(Dataset excerpts)

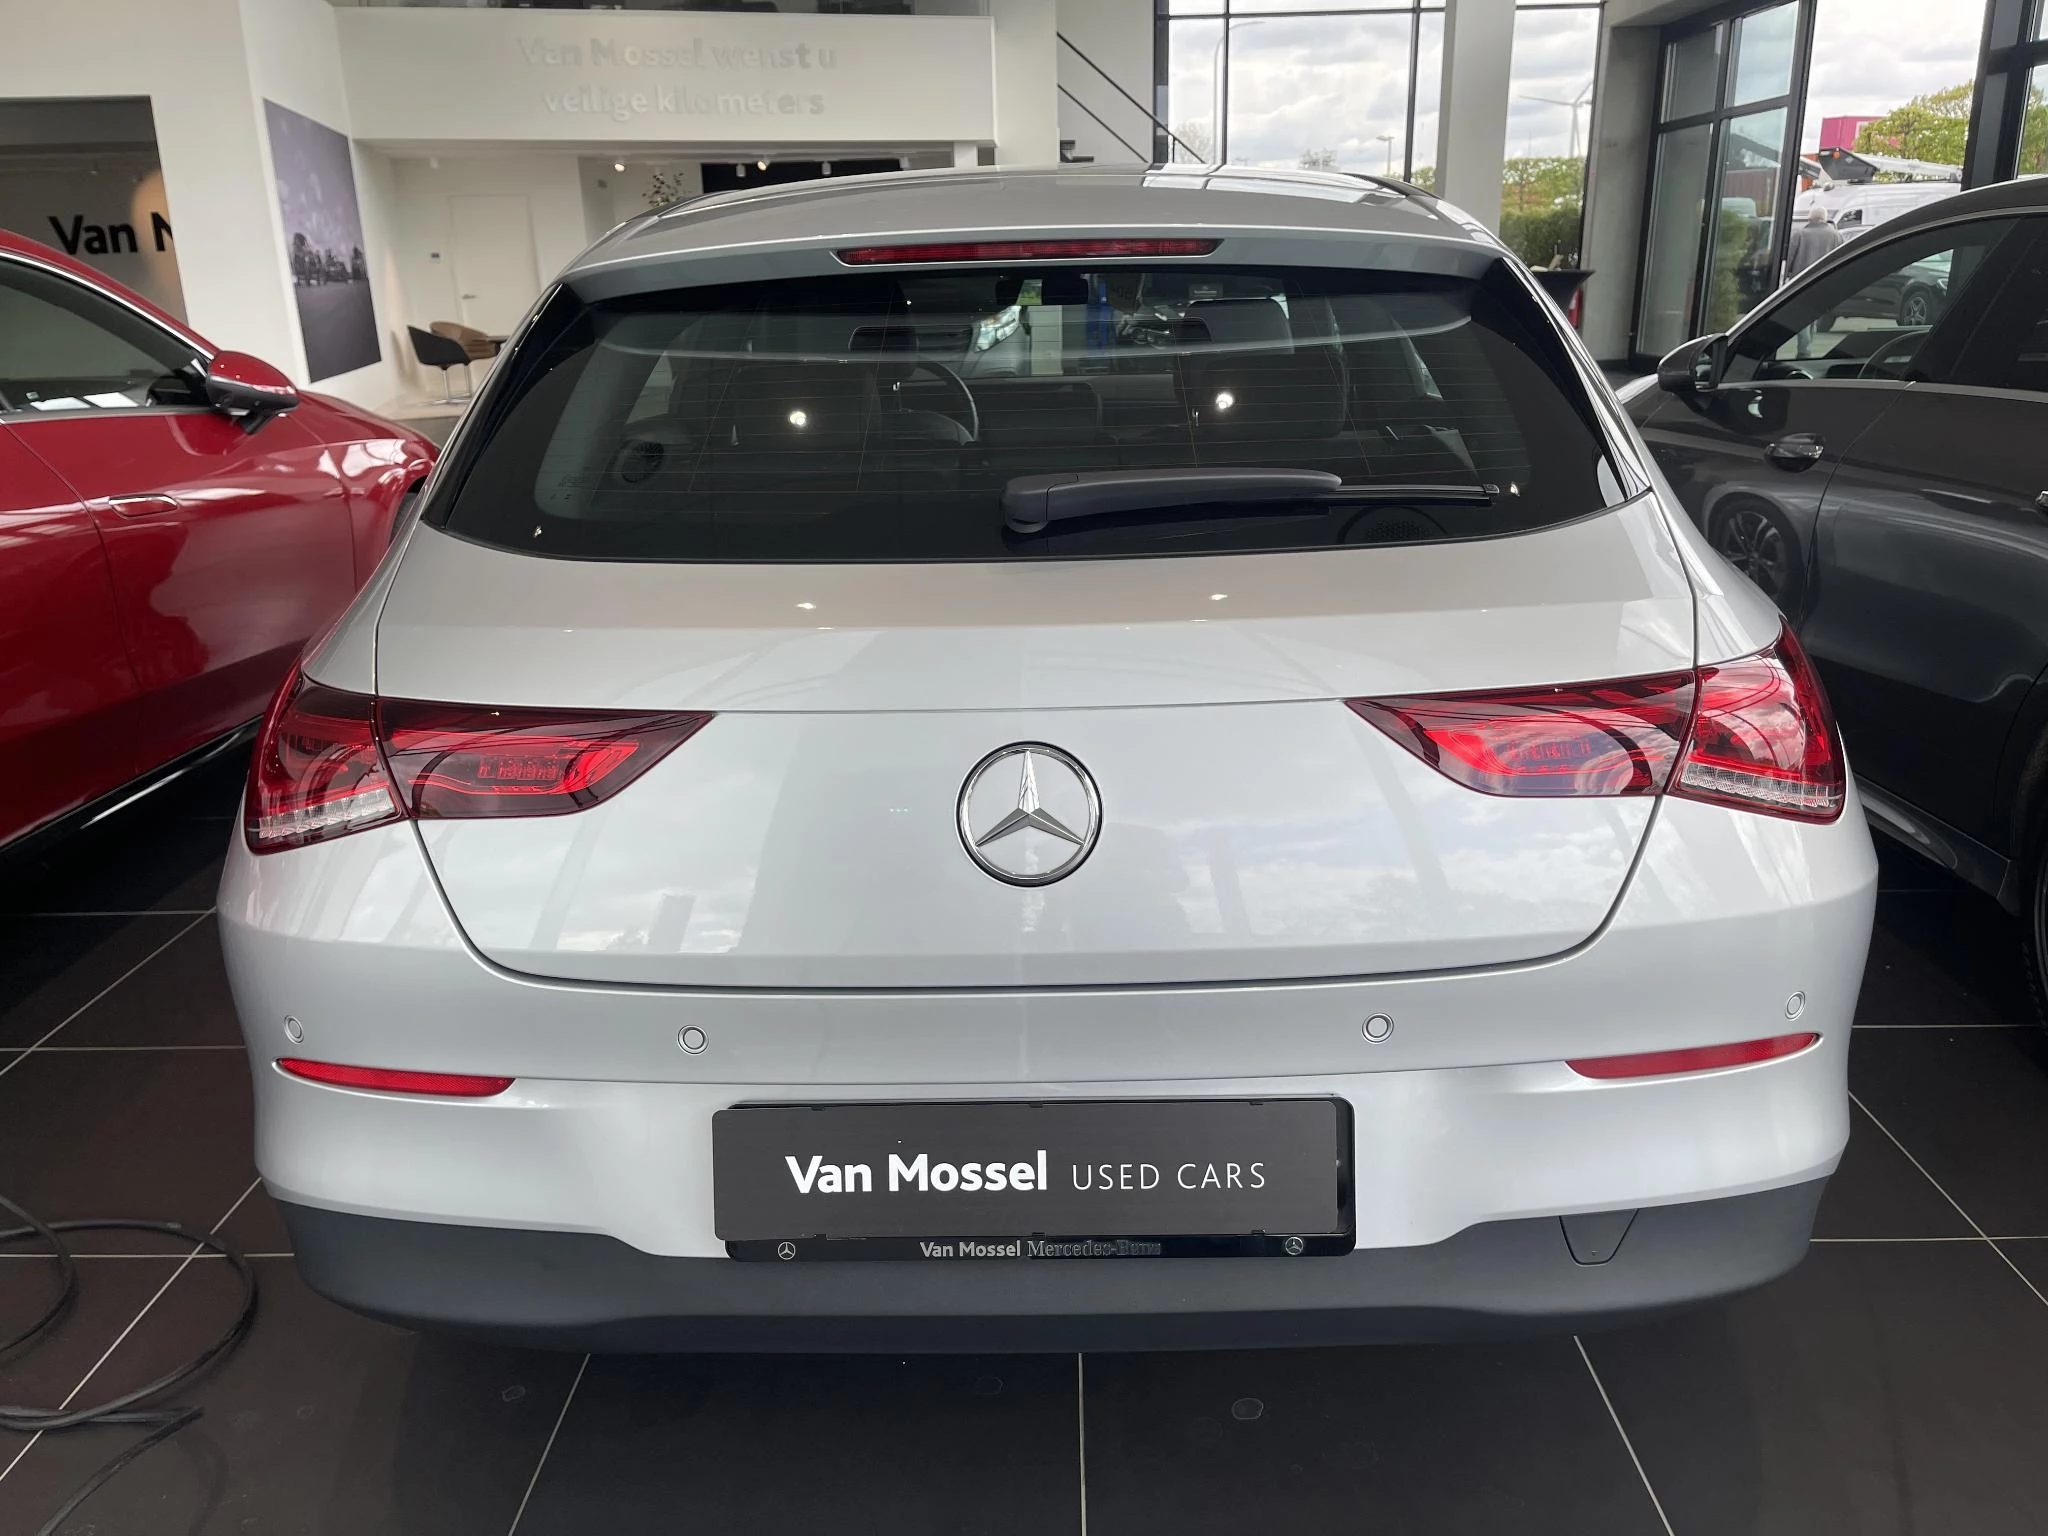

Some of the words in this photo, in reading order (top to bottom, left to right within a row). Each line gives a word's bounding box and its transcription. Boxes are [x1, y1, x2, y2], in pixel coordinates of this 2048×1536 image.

[515, 37, 582, 66] Van
[590, 37, 703, 68] Mossel
[711, 41, 811, 70] wenst
[818, 47, 838, 69] u
[542, 84, 649, 122] veilige
[655, 83, 826, 116] kilometers
[48, 215, 138, 255] Van
[784, 1155, 872, 1194] Van
[888, 1149, 1048, 1193] Mossel
[1071, 1163, 1160, 1191] USED
[1177, 1162, 1266, 1190] CARS
[919, 1241, 954, 1257] Van
[959, 1240, 1021, 1257] Mossel
[1027, 1239, 1162, 1257] Mercedes-Benz

- _Assignment_: Reproduce every entry exactly; images stay out.

- _Answer to the problem_:
Some of the words in this photo, in reading order (top to bottom, left to right within a row). Each line gives a word's bounding box and its transcription. Boxes are [x1, y1, x2, y2], in pixel coordinates of this 2048×1536 image.

[515, 37, 582, 66] Van
[590, 37, 703, 68] Mossel
[711, 41, 811, 70] wenst
[818, 47, 838, 69] u
[542, 84, 649, 122] veilige
[655, 83, 826, 116] kilometers
[48, 215, 138, 255] Van
[784, 1155, 872, 1194] Van
[888, 1149, 1048, 1193] Mossel
[1071, 1163, 1160, 1191] USED
[1177, 1162, 1266, 1190] CARS
[919, 1241, 954, 1257] Van
[959, 1240, 1021, 1257] Mossel
[1027, 1239, 1162, 1257] Mercedes-Benz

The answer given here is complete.